Strategically, this puts WeRide and Uber head-to-head with Waymo in the race for scalable commercial robotaxis — and notably plants a Chinese AV leader on European streets through local operating partners.
Takeaway: Madrid and Zurich aren’t full driverless launches on day one — they’re staged commercial pilots that start with safety operators and scale toward driverless as the data earns it. That’s the realistic shape of robotaxi expansion.
What to watch
1. Regulatory gates. Zurich’s public service hinges on FEDRO approval; Madrid coordinates with the regional government. Timelines move with regulators.
2. The operator-partner model. AVOMO and Rydera handling fleets is the template. If it works in Europe, expect WeRide to replicate it city by city toward the 15-by- 2030 target.
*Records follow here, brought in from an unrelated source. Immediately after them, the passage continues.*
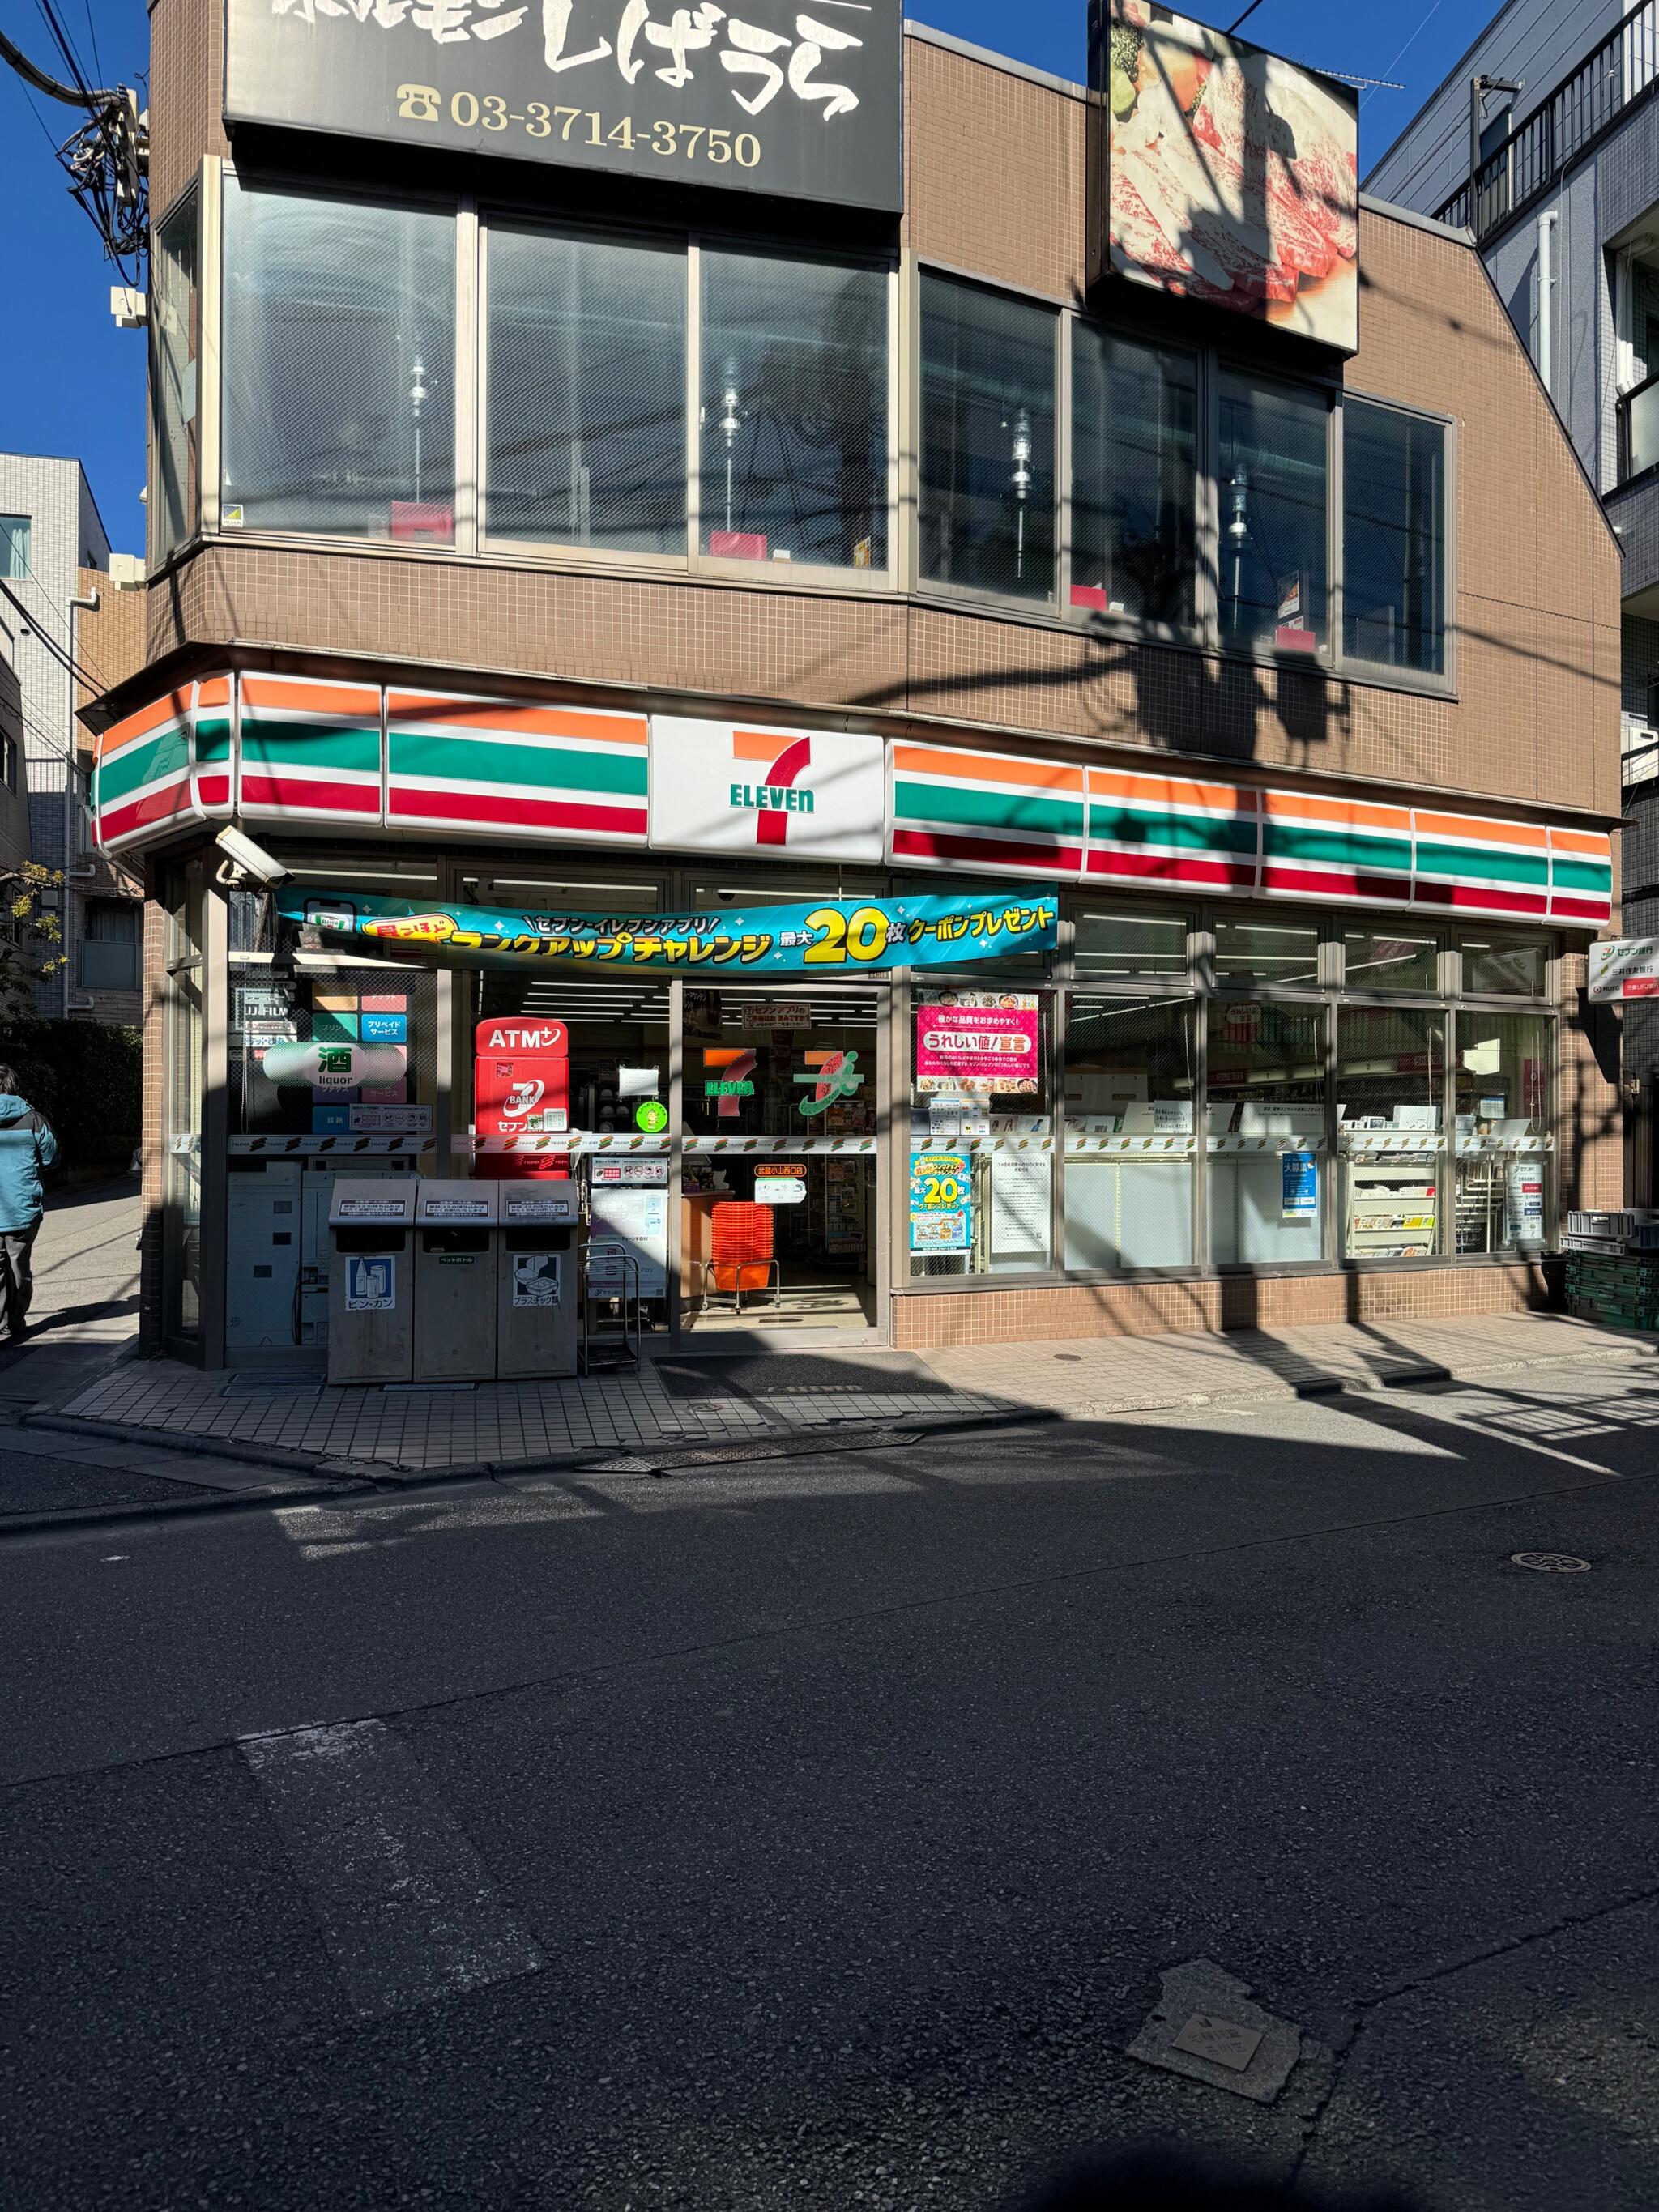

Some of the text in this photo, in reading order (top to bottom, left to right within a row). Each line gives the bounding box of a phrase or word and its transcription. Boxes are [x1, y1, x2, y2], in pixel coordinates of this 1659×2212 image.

[450, 91, 762, 168] 03-3714-3750
[450, 931, 774, 964] ランクアップチャレンジ
[908, 905, 1055, 944] クーポンプレゼント
[1618, 945, 1653, 957] セブン銀行
[938, 1014, 1019, 1026] 確かな品質をお求めやすく!
[928, 1034, 1026, 1052] うれしい値!宣言
[318, 1046, 352, 1073] 酒
[319, 1076, 353, 1085] liquor
[348, 1299, 394, 1310] ビン・カン
[513, 1295, 560, 1306] プラスチック類
3. Safety milestones, not calendars. The transition from safety operators to fully driverless is performance-gated. “Later in 2026” for public ops doesn’t mean driverless on launch day.
Bottom line
WeRide and Uber’s Madrid and Zurich launches mark their first robotaxis in Europe — and the next step in a partnership aiming for 15 cities by 2030. Both start cautiously (safety operators, phased scaling) and run through the Uber app, powered by WeRide’s autonomous platform and local fleet operators.
These are real commercial moves, but they’re early and conditional. For the authoritative timeline, check Uber Investor Relations or WeRide IR as approvals and rollouts firm up.
Sources: WeRide and Uber announcements for Madrid (June 2, 2026) and Zurich (June 17, 2026), plus WeRide’s disclosed global footprint. Plans are subject to regulatory approval and safety performance; verify current status before relying on it.